Писатель, поэт, публицист, критик, журналист, литературовед, теле- и радиоведущий, педагог, лектор — все это он, многогранный Дмитрий Быков. И все грани ярко блестят и заманчиво переливаются — такова природа его большого таланта и неуемного темперамента. Его эрудиция вызывает уважение, а то и зависть. Трудолюбие поражает — новые тексты появляются чуть не каждый день, и никаких признаков усталости не видно. Он знаменит, и по праву — его знают и любят тысячи, если не миллионы, читателей, зрителей и слушателей. Даже коллеги-писатели (редкий случай!) благоволят его творчеству: он — лауреат многих литературных премий, среди которых главные пока — «Национальный бестселлер» (дважды) и «Большая книга». Мало того, он еще и политический деятель — состоял членом Координационного совета оппозиции. Одним словом, он представляет собой целое явление — назовем его ДБ — неиссякаемый бурный поток на просторах российской культуры.
Но поток этот, увы, неглубок. Иначе, впрочем, и быть не может. Глубина потока, как учит школьный учебник физики, тем меньше, чем больше его поверхность, то есть, в случае ДБ, чем больше количество поводов, которые используются для самовыражения. Выбор велик — от поэзии куртуазного маньеризма до фантастической прозы, от популярного литературоведения до политических фельетонов в стихах. Если бы поток перестал расширяться, глубина его, быть может, и увеличилась бы; но тенденции к самоограничению у ДБ пока не заметно. Напротив, он постоянно осваивает новые области — например, чтение лекций по русской литературе в американских университетах. Что, разумеется, приносит ему еще большую — и вполне заслуженную — известность.
Казалось бы, все хорошо: книги ДБ выходят и раскупаются, лекции читаются, телезрители смотрят, слушатели слушают, стихотворные фельетоны смешат публику и расходятся по интернету — в чем, собственно, проблема? Подумаешь — поток мелкий. Зато широкий, а ведь больше/шире — это и есть лучше, верно? Разве количество уже не переходит в качество?

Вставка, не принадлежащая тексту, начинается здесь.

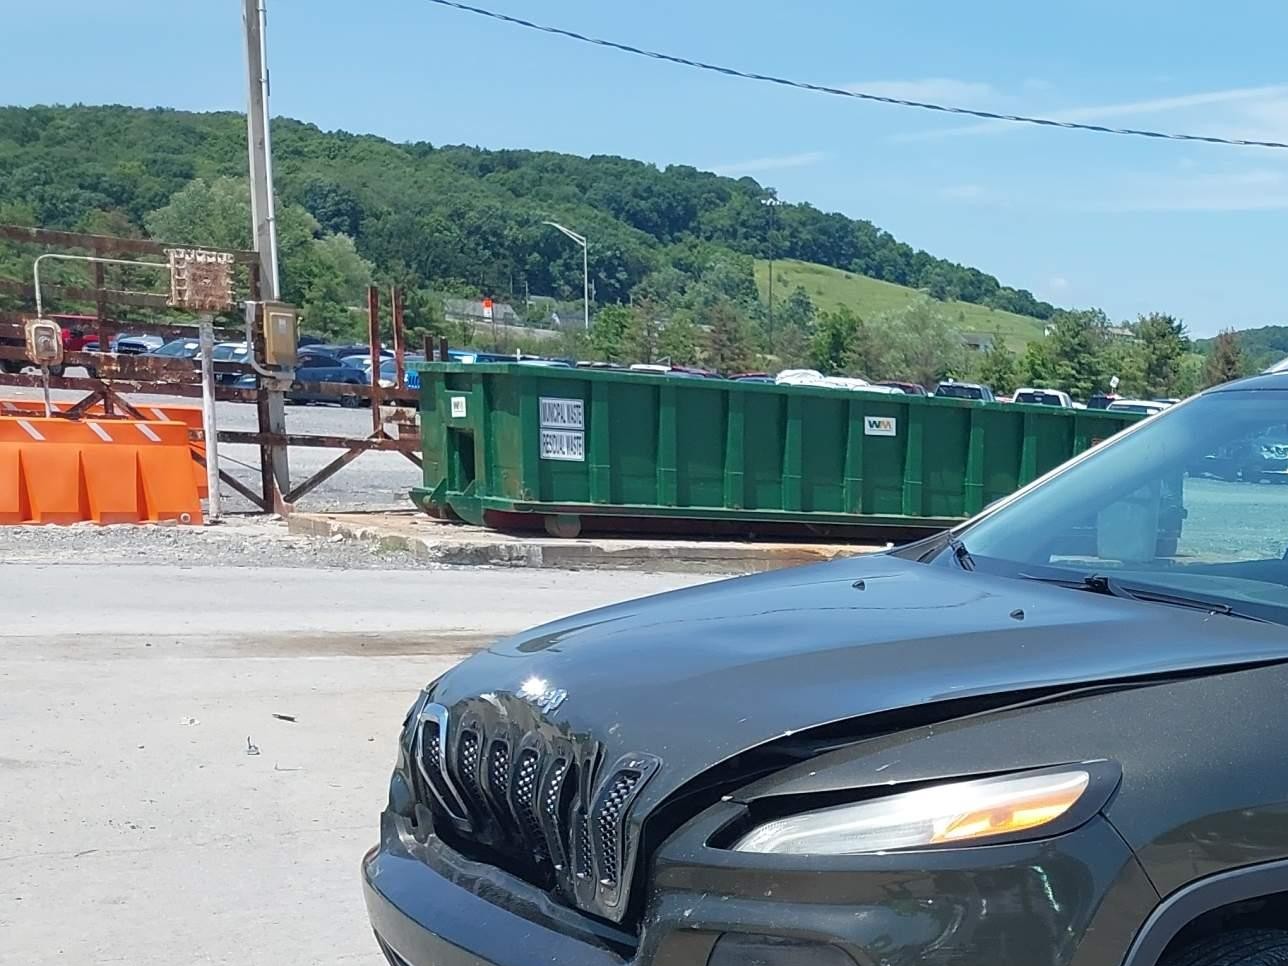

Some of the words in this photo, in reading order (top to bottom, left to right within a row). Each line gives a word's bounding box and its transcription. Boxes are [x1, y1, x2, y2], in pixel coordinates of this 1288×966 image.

[567, 403, 582, 425] WASTE
[868, 420, 892, 430] WM
[567, 435, 582, 456] WASTE
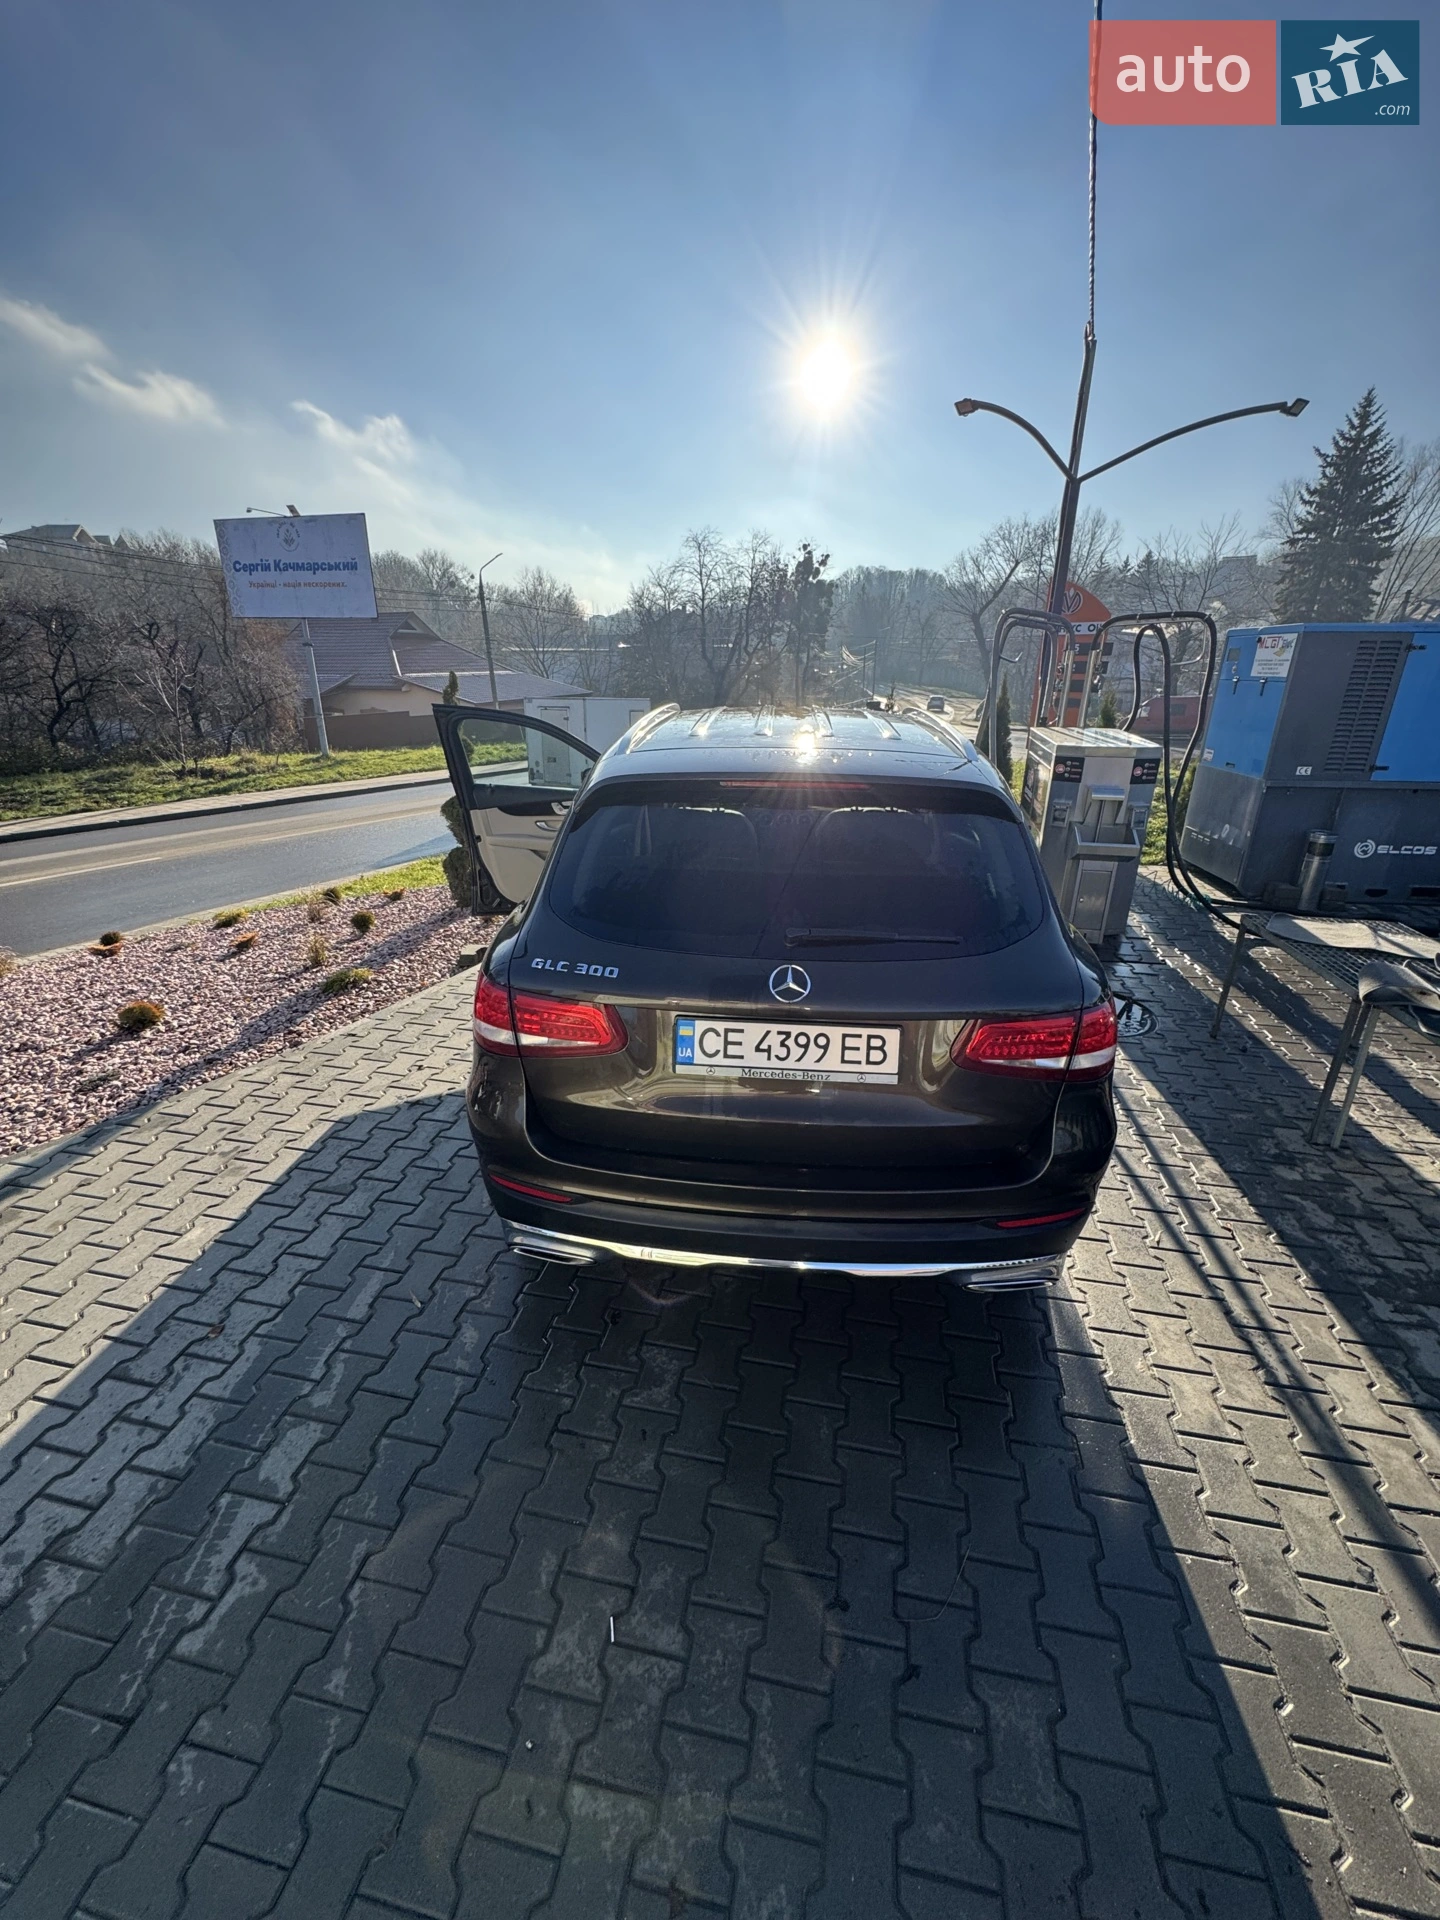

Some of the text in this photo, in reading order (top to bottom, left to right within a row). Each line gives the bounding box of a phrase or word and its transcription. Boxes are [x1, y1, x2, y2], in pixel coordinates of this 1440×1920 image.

Попытка возражать такой точке зрения «в целом» будет слишком общей, а значит, неубедительной. Вместо этого попробуем на частном примере разобраться, почему метод бурного потока иногда дает сбой. Поэзии, прозы и вообще искусства касаться не стоит — здесь все мнения равноправны: кому нравится арбуз, а кому свиной хрящик. Зато в литературоведении — какая ни есть, а наука — более или менее объективная дискуссия все-таки возможна. Обратимся поэтому к литературоведческой деятельности ДБ, а еще конкретнее — к его суждениям о писателе Фридрихе Горенштейне.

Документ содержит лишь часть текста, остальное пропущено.